Enjolras: If he doesn't have to do it then we don't have to do it.

Me: But he does have to do it.

Javert: I don't, but they all do. The law exempts me.

Enjolras: That is ridiculous. YOU are ridiculous.

Javert: Like you should talk. I mean that vest.

Grantaire: Oh, you are not making fun of the vest.

Eponine: That is sacred.

Javert: It's also ugly.

Enjolras: Javert, I am warning you…

Javert: Bring it on boy!

Enjolras: Boy? Oh that is it old man!

Bahorel: What?

Javert: ::rolling up sleeves:: I've been waiting a long time for this

Me: Ok, déjà vu, they are getting very predictable. People, please stop.

Javert: Oh, you are such an authority figure.

Me: Listen Javert, don't make me have to hurt you.

Javert: Like you could if you wanted to.

Me: I so could!

Javert: Yeah, right.

Me: Do you want to take this outside?

Javert: I don't beat up girls.

Me: Well that's good because you are the one who is getting beat up.

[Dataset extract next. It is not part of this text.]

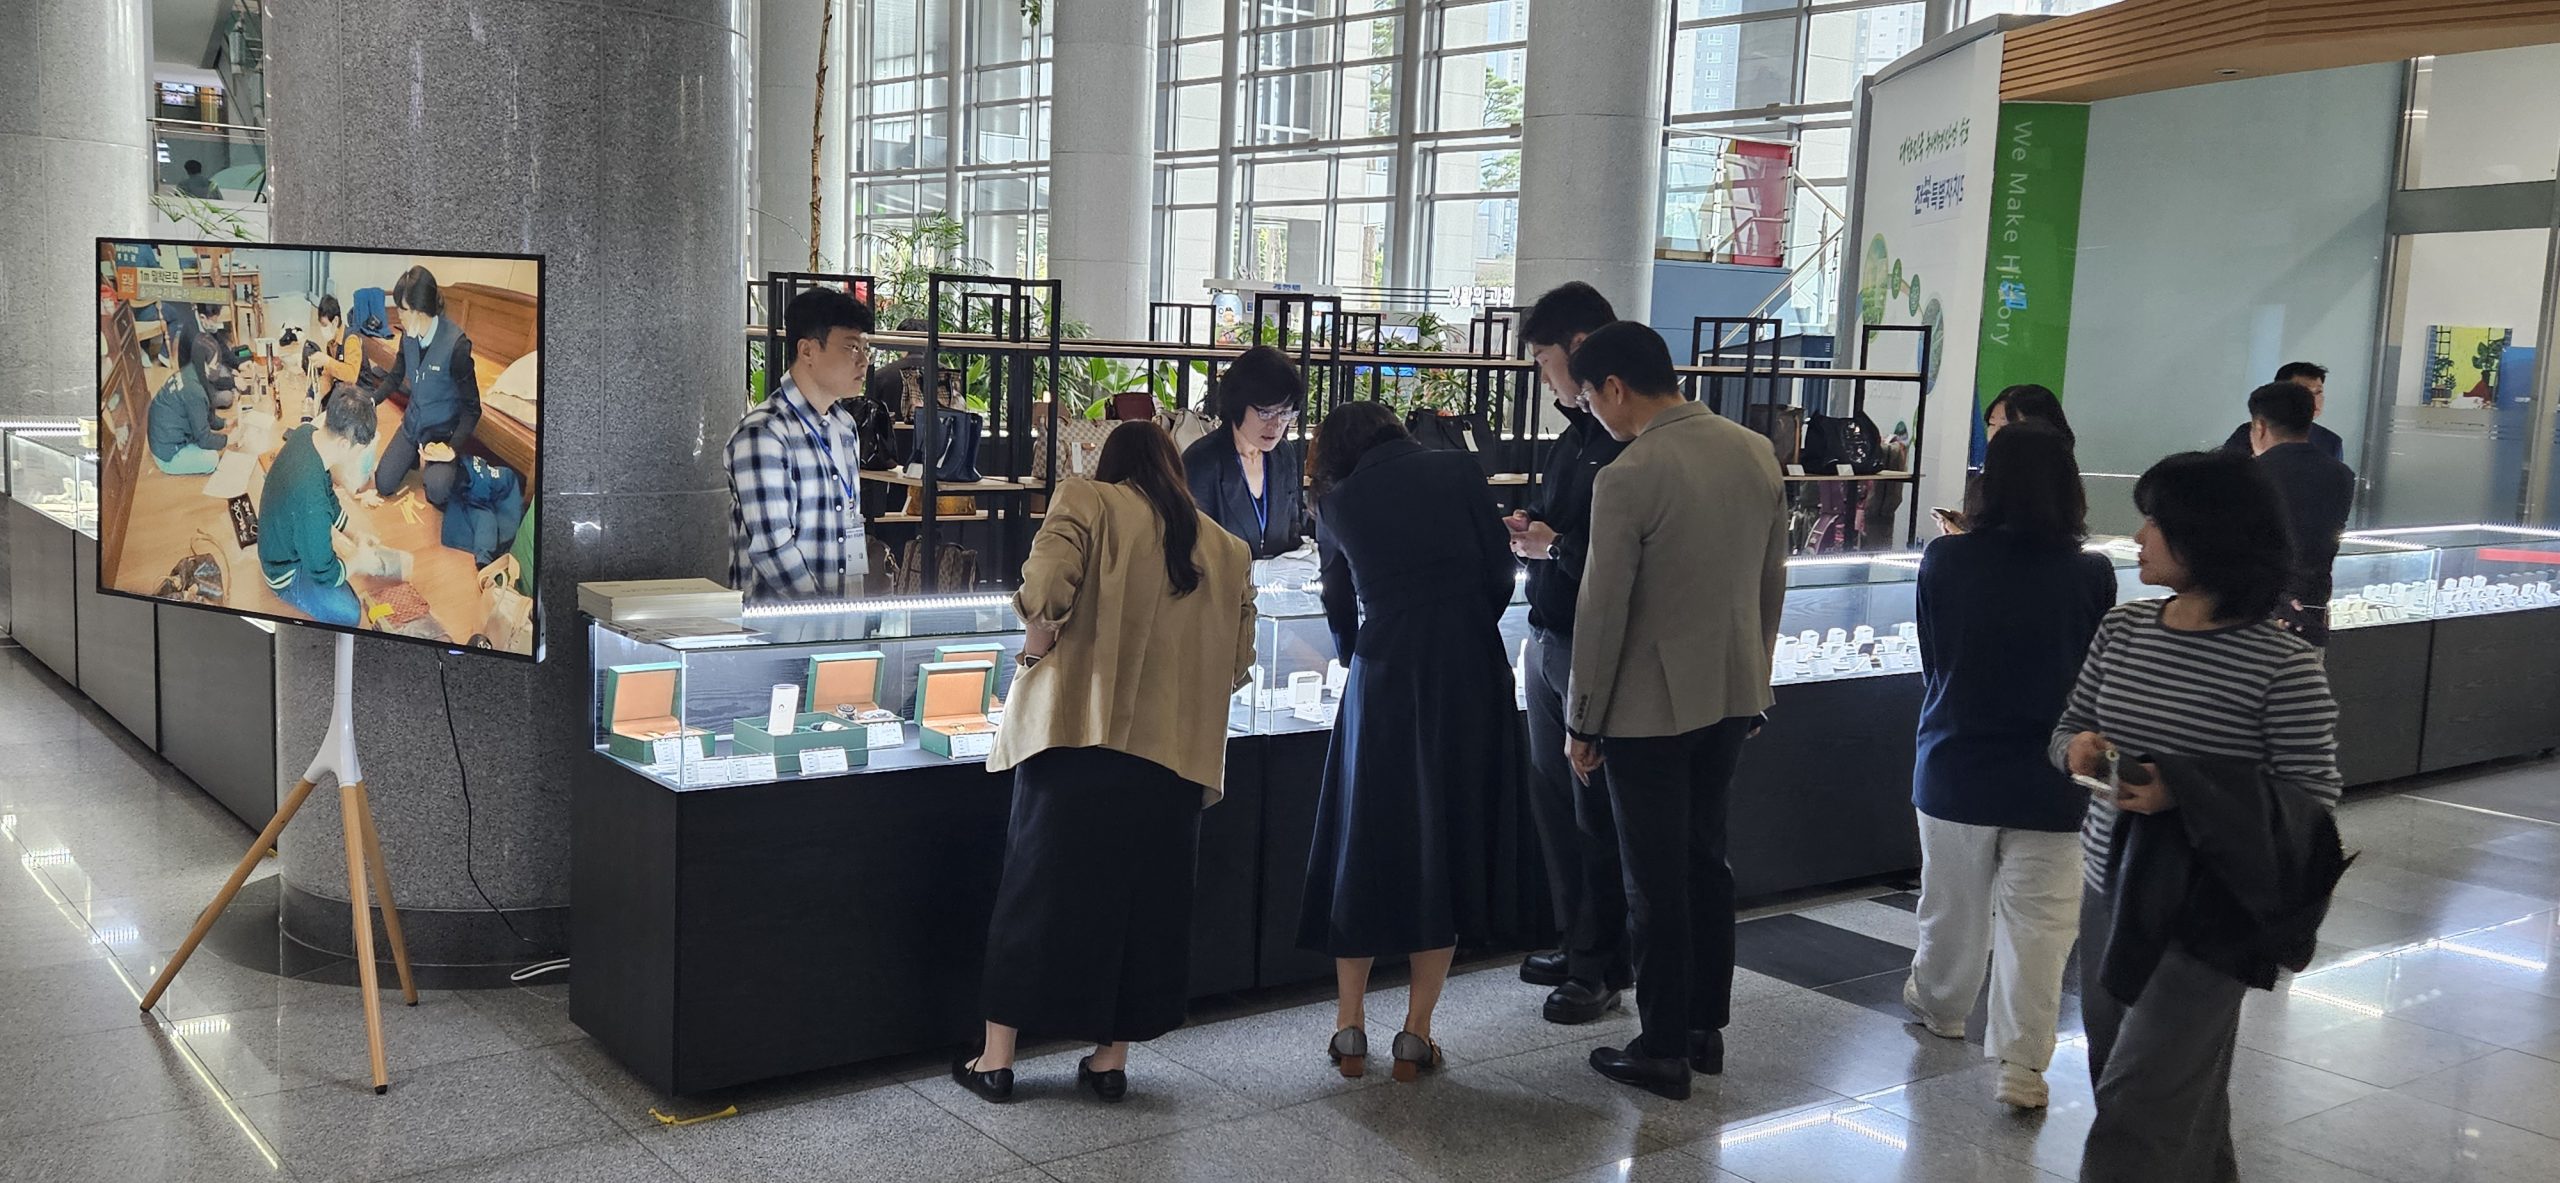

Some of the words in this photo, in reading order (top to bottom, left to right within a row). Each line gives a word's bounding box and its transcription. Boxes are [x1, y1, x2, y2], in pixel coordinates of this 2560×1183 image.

Javert: Yeah, sure, whatever.

Me: Here Valjean, anyway…

Valjean: 2

Me: I've brought you all here today to perform a musical.

Gavroche: Why?

Me: Because I want you to.

Gavroche: Why?

Me: Because it would make me happy.

Gavroche: Why?

Me: Because you are just such great company.

Gavroche: Why?

Me: I was being sarcastic.

Gavroche: Why?

Me: Because you are annoying.

Gavroche: Why?

Me: Because you keep asking why.

Gavroche: Why?

Me: Because I said so!

Gavroche: Ok, I was just wondering, man, what's your problem?

Me: Oh, my head

Marius: Your head? My head feels as if I ran into a wall yesterday.

Me: I wonder why.

Cosette: Oh Marius, my poor baby.

Me: Anywa-anyhow…

Valjean: Yeah, sure, 'anyhow'

Javert: I'm still not doing it.

Me: I am going to ask you one more time nicely.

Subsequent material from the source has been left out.